▼▼▼

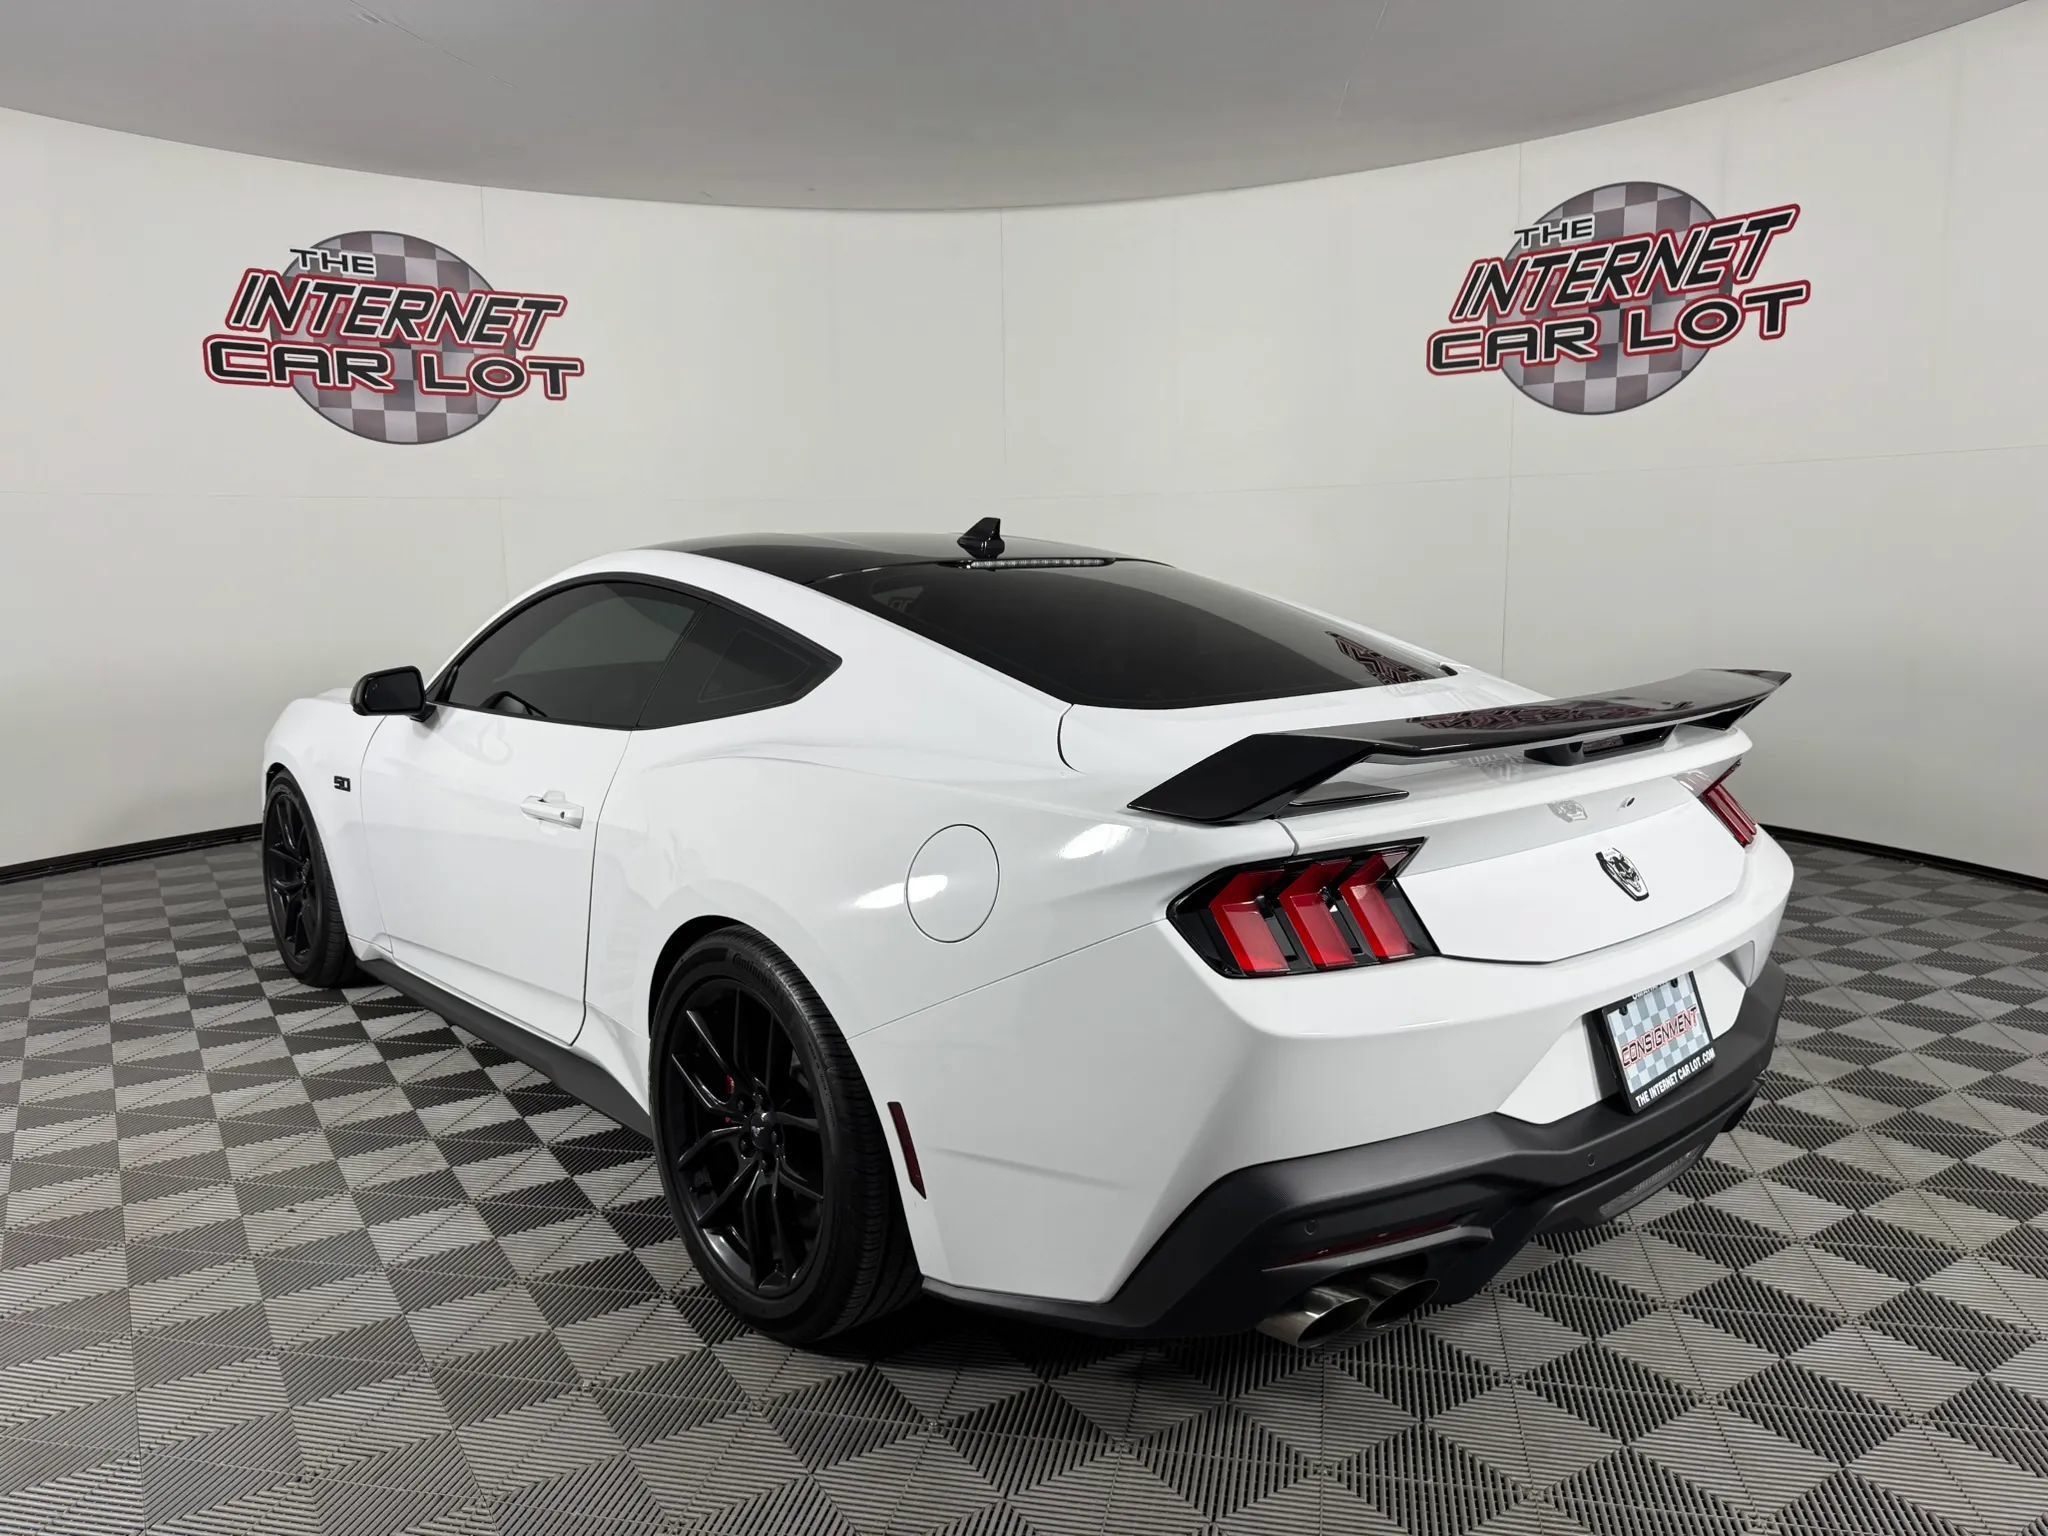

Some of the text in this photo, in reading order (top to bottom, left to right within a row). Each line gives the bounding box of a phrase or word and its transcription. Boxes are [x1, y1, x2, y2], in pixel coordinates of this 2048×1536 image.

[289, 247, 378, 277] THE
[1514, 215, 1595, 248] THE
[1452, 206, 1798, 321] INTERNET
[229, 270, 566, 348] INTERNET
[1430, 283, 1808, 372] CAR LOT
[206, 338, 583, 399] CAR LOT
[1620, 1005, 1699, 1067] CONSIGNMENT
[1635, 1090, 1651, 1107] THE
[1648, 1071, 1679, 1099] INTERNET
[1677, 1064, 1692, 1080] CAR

▲▲▲

→ Aim of the task
Drop the pictures and give every line above again exactly.

→ Solution
Some of the text in this photo, in reading order (top to bottom, left to right within a row). Each line gives the bounding box of a phrase or word and its transcription. Boxes are [x1, y1, x2, y2], in pixel coordinates of this 2048×1536 image.

[289, 247, 378, 277] THE
[1514, 215, 1595, 248] THE
[1452, 206, 1798, 321] INTERNET
[229, 270, 566, 348] INTERNET
[1430, 283, 1808, 372] CAR LOT
[206, 338, 583, 399] CAR LOT
[1620, 1005, 1699, 1067] CONSIGNMENT
[1635, 1090, 1651, 1107] THE
[1648, 1071, 1679, 1099] INTERNET
[1677, 1064, 1692, 1080] CAR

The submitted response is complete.